REQUIRED ACTION: Would you set down every entry again, exactly as written?

RECORDS PROVIDED:
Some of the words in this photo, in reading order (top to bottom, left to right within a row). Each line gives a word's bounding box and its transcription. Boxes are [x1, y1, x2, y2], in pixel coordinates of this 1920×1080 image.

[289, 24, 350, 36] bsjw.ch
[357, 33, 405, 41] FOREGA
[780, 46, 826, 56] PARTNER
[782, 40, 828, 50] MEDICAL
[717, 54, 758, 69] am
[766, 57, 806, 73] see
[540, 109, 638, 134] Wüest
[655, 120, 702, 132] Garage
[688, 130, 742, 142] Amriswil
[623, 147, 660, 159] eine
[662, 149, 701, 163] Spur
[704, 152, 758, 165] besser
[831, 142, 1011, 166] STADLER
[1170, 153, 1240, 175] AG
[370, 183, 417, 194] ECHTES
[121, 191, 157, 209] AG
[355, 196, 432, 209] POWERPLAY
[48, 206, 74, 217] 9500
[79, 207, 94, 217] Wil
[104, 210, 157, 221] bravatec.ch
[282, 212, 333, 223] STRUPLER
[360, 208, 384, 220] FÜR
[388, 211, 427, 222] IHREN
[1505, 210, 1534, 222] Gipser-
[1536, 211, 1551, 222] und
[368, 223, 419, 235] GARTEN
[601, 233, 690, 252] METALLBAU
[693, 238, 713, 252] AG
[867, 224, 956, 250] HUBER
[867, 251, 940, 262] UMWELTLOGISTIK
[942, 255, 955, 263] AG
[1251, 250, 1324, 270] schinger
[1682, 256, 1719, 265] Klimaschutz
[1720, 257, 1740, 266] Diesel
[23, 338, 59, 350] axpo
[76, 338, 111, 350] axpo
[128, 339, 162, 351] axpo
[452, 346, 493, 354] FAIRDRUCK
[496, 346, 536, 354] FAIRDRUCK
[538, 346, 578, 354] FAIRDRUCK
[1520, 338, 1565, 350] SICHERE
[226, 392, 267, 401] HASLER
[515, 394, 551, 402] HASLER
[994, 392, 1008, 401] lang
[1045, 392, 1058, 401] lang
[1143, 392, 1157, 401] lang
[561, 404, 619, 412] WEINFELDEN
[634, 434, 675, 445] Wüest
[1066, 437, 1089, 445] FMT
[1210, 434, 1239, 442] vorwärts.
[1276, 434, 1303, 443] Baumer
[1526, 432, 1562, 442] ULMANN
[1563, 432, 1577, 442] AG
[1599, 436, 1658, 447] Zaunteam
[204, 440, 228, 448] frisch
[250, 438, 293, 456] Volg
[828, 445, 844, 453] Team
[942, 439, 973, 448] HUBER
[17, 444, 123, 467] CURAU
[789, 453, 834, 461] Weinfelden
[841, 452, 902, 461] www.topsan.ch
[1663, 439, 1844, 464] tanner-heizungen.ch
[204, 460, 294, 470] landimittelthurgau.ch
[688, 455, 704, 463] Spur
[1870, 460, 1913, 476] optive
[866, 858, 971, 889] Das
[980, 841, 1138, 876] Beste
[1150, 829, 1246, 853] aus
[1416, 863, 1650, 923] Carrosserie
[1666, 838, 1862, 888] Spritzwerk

YOUR RESPONSE:
Some of the words in this photo, in reading order (top to bottom, left to right within a row). Each line gives a word's bounding box and its transcription. Boxes are [x1, y1, x2, y2], in pixel coordinates of this 1920×1080 image.

[289, 24, 350, 36] bsjw.ch
[357, 33, 405, 41] FOREGA
[780, 46, 826, 56] PARTNER
[782, 40, 828, 50] MEDICAL
[717, 54, 758, 69] am
[766, 57, 806, 73] see
[540, 109, 638, 134] Wüest
[655, 120, 702, 132] Garage
[688, 130, 742, 142] Amriswil
[623, 147, 660, 159] eine
[662, 149, 701, 163] Spur
[704, 152, 758, 165] besser
[831, 142, 1011, 166] STADLER
[1170, 153, 1240, 175] AG
[370, 183, 417, 194] ECHTES
[121, 191, 157, 209] AG
[355, 196, 432, 209] POWERPLAY
[48, 206, 74, 217] 9500
[79, 207, 94, 217] Wil
[104, 210, 157, 221] bravatec.ch
[282, 212, 333, 223] STRUPLER
[360, 208, 384, 220] FÜR
[388, 211, 427, 222] IHREN
[1505, 210, 1534, 222] Gipser-
[1536, 211, 1551, 222] und
[368, 223, 419, 235] GARTEN
[601, 233, 690, 252] METALLBAU
[693, 238, 713, 252] AG
[867, 224, 956, 250] HUBER
[867, 251, 940, 262] UMWELTLOGISTIK
[942, 255, 955, 263] AG
[1251, 250, 1324, 270] schinger
[1682, 256, 1719, 265] Klimaschutz
[1720, 257, 1740, 266] Diesel
[23, 338, 59, 350] axpo
[76, 338, 111, 350] axpo
[128, 339, 162, 351] axpo
[452, 346, 493, 354] FAIRDRUCK
[496, 346, 536, 354] FAIRDRUCK
[538, 346, 578, 354] FAIRDRUCK
[1520, 338, 1565, 350] SICHERE
[226, 392, 267, 401] HASLER
[515, 394, 551, 402] HASLER
[994, 392, 1008, 401] lang
[1045, 392, 1058, 401] lang
[1143, 392, 1157, 401] lang
[561, 404, 619, 412] WEINFELDEN
[634, 434, 675, 445] Wüest
[1066, 437, 1089, 445] FMT
[1210, 434, 1239, 442] vorwärts.
[1276, 434, 1303, 443] Baumer
[1526, 432, 1562, 442] ULMANN
[1563, 432, 1577, 442] AG
[1599, 436, 1658, 447] Zaunteam
[204, 440, 228, 448] frisch
[250, 438, 293, 456] Volg
[828, 445, 844, 453] Team
[942, 439, 973, 448] HUBER
[17, 444, 123, 467] CURAU
[789, 453, 834, 461] Weinfelden
[841, 452, 902, 461] www.topsan.ch
[1663, 439, 1844, 464] tanner-heizungen.ch
[204, 460, 294, 470] landimittelthurgau.ch
[688, 455, 704, 463] Spur
[1870, 460, 1913, 476] optive
[866, 858, 971, 889] Das
[980, 841, 1138, 876] Beste
[1150, 829, 1246, 853] aus
[1416, 863, 1650, 923] Carrosserie
[1666, 838, 1862, 888] Spritzwerk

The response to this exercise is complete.